- EXERCISE INPUTS

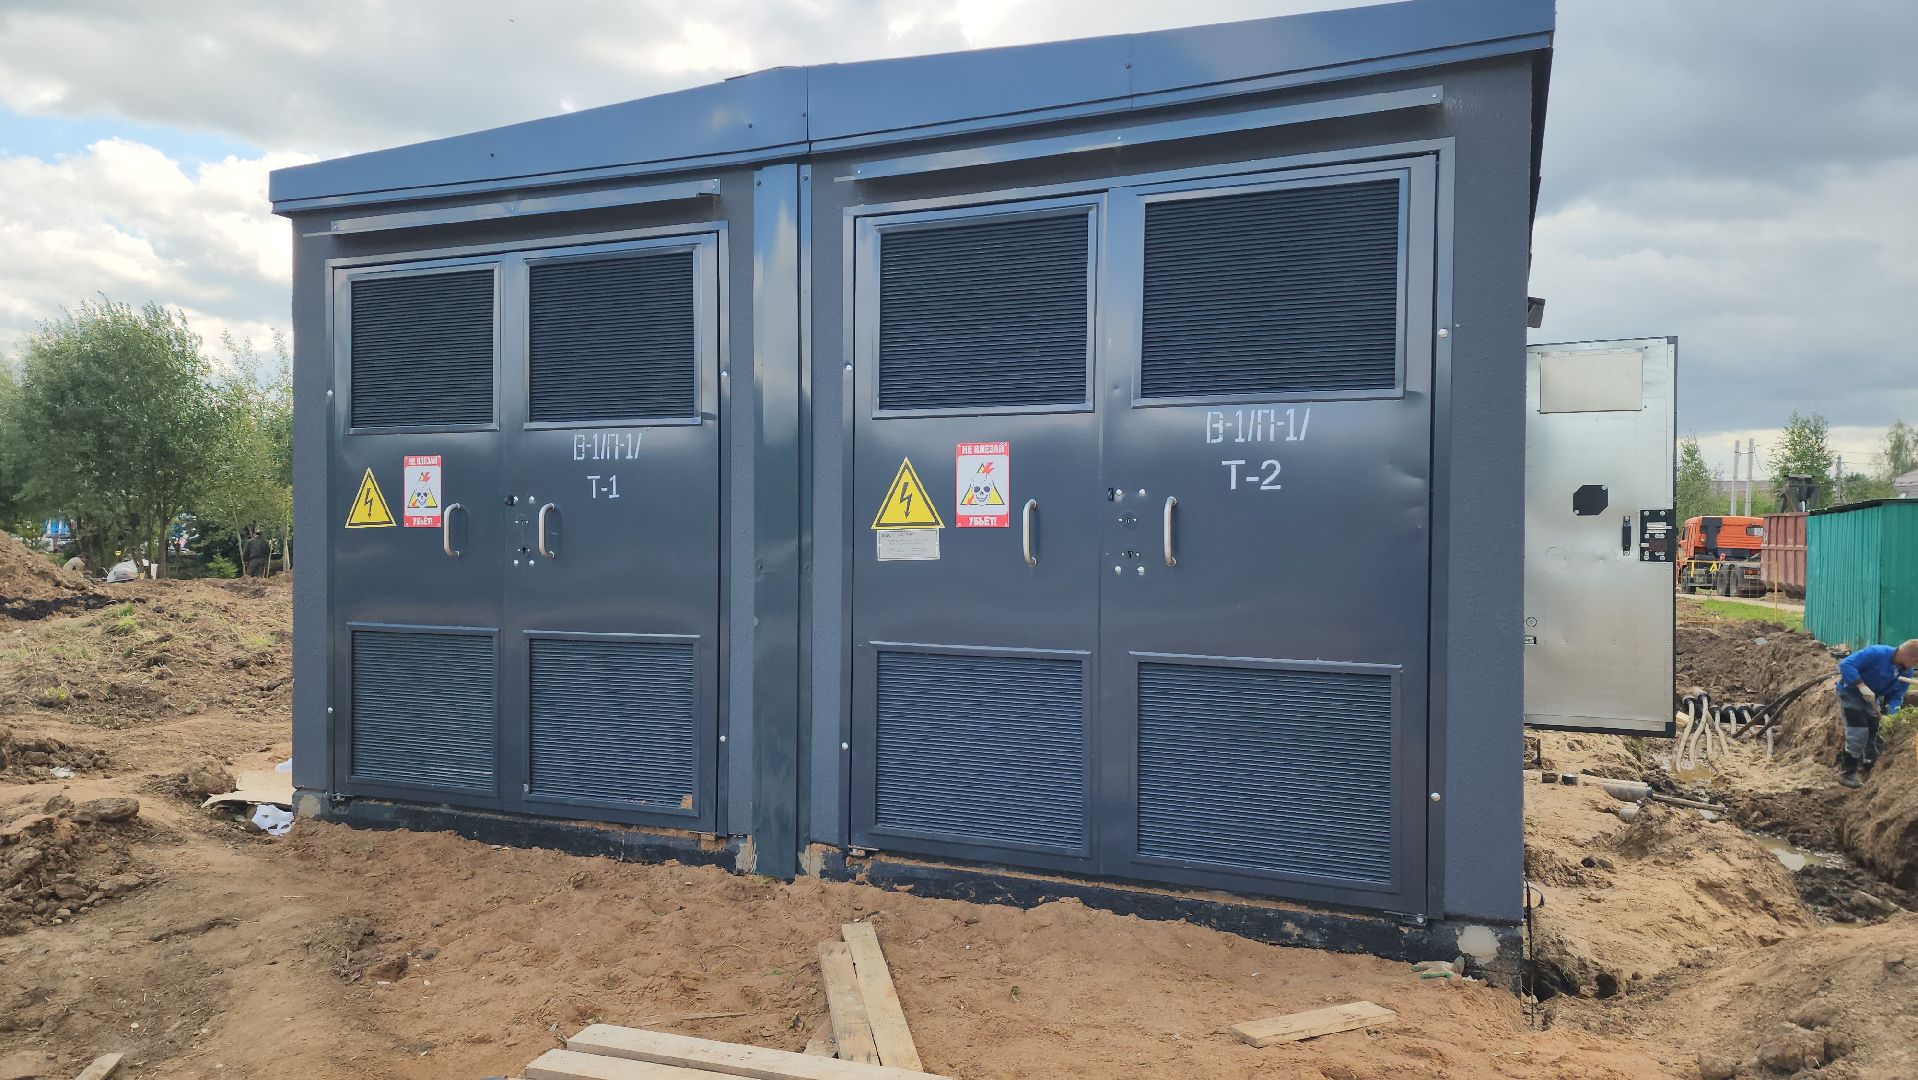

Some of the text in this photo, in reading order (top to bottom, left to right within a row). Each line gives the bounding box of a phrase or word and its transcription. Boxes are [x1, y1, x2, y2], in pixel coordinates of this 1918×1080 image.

[1207, 408, 1310, 443] В-1/П-1/
[574, 433, 642, 460] В-1/П-1/
[961, 444, 1005, 454] НЕ ВЛЕЗАЙ
[587, 475, 620, 499] Т-1
[1222, 459, 1281, 490] Т-2

- HOW TO COMPLETE THIS TASK
Exactly as written, restate the listing above with its pictures omitted.

- SOLUTION TO THIS TASK
Some of the text in this photo, in reading order (top to bottom, left to right within a row). Each line gives the bounding box of a phrase or word and its transcription. Boxes are [x1, y1, x2, y2], in pixel coordinates of this 1918×1080 image.

[1207, 408, 1310, 443] В-1/П-1/
[574, 433, 642, 460] В-1/П-1/
[961, 444, 1005, 454] НЕ ВЛЕЗАЙ
[587, 475, 620, 499] Т-1
[1222, 459, 1281, 490] Т-2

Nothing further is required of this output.